**WHAT YOU SHOULD DO**
Your task is to transcribe all the entries exactly, excluding pictures.

Image-backed grounding data:
# # #
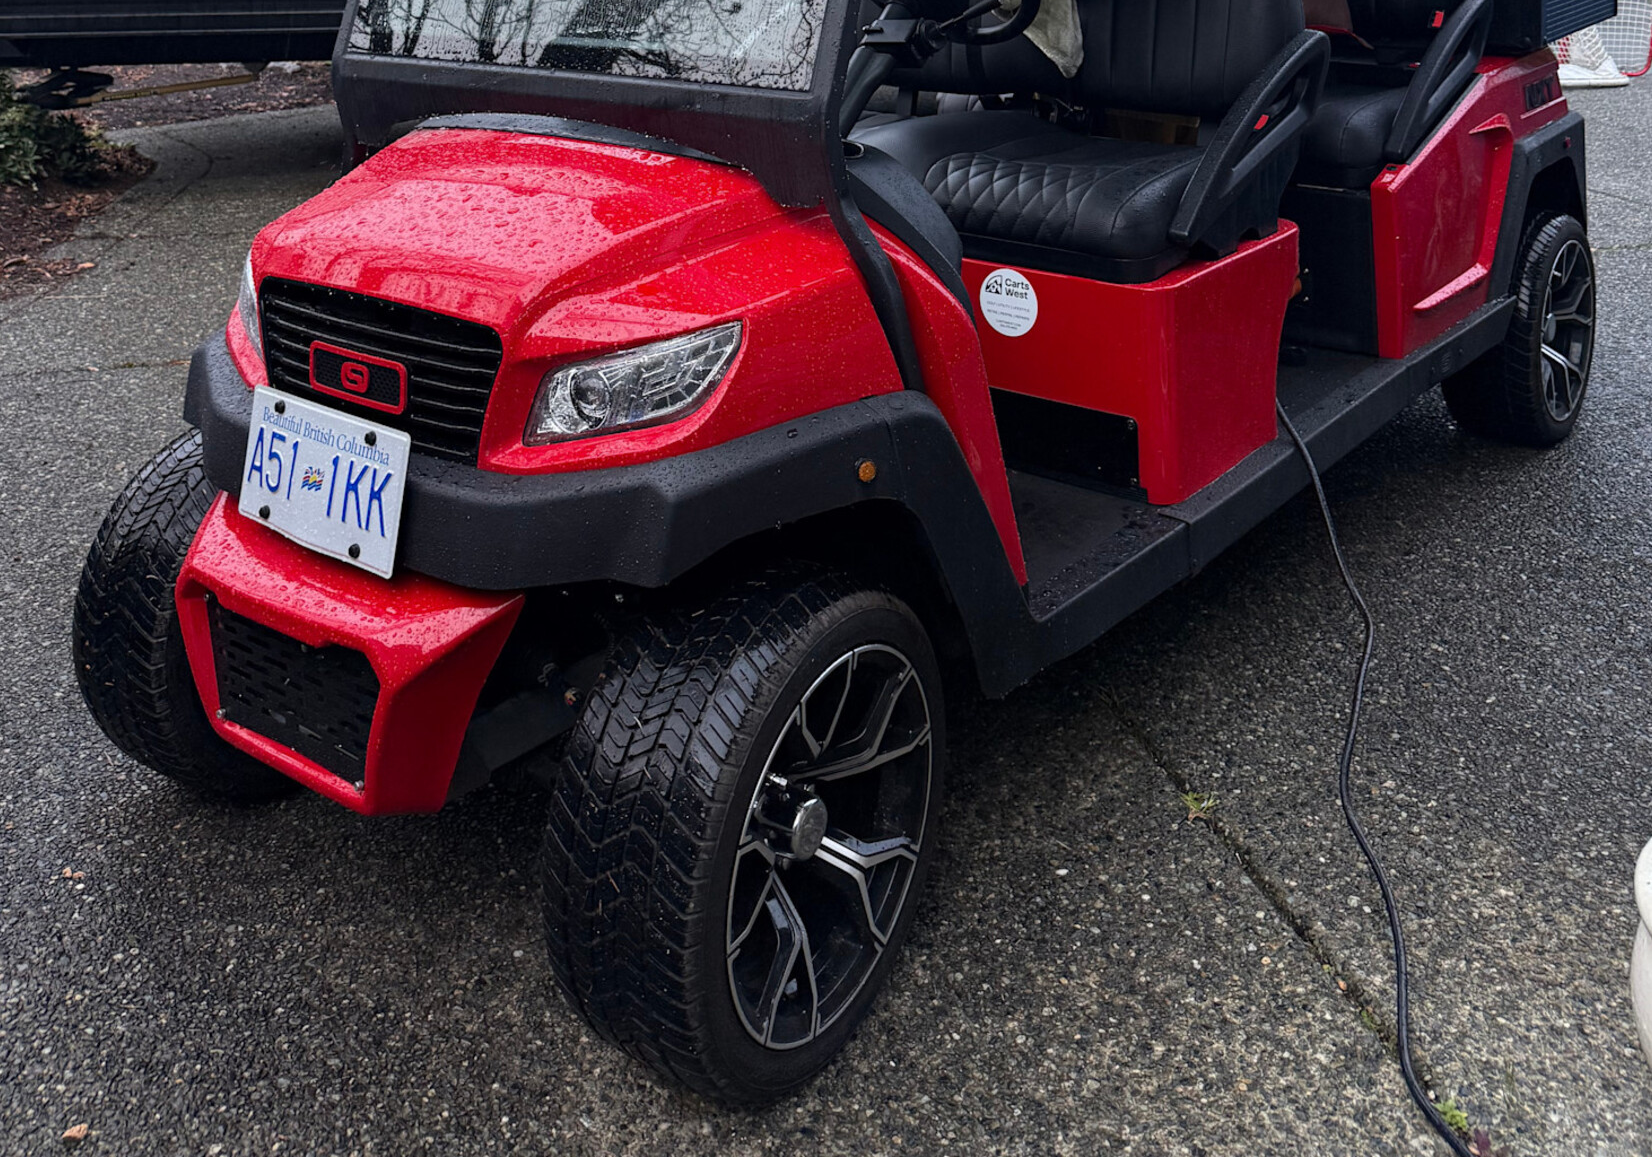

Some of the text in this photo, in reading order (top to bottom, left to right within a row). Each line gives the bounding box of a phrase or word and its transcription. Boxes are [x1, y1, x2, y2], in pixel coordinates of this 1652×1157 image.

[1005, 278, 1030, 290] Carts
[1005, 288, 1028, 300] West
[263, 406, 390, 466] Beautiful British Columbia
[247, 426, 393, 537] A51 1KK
# # #
**SOLUTION TO THE PROBLEM**
Some of the text in this photo, in reading order (top to bottom, left to right within a row). Each line gives the bounding box of a phrase or word and its transcription. Boxes are [x1, y1, x2, y2], in pixel coordinates of this 1652×1157 image.

[1005, 278, 1030, 290] Carts
[1005, 288, 1028, 300] West
[263, 406, 390, 466] Beautiful British Columbia
[247, 426, 393, 537] A51 1KK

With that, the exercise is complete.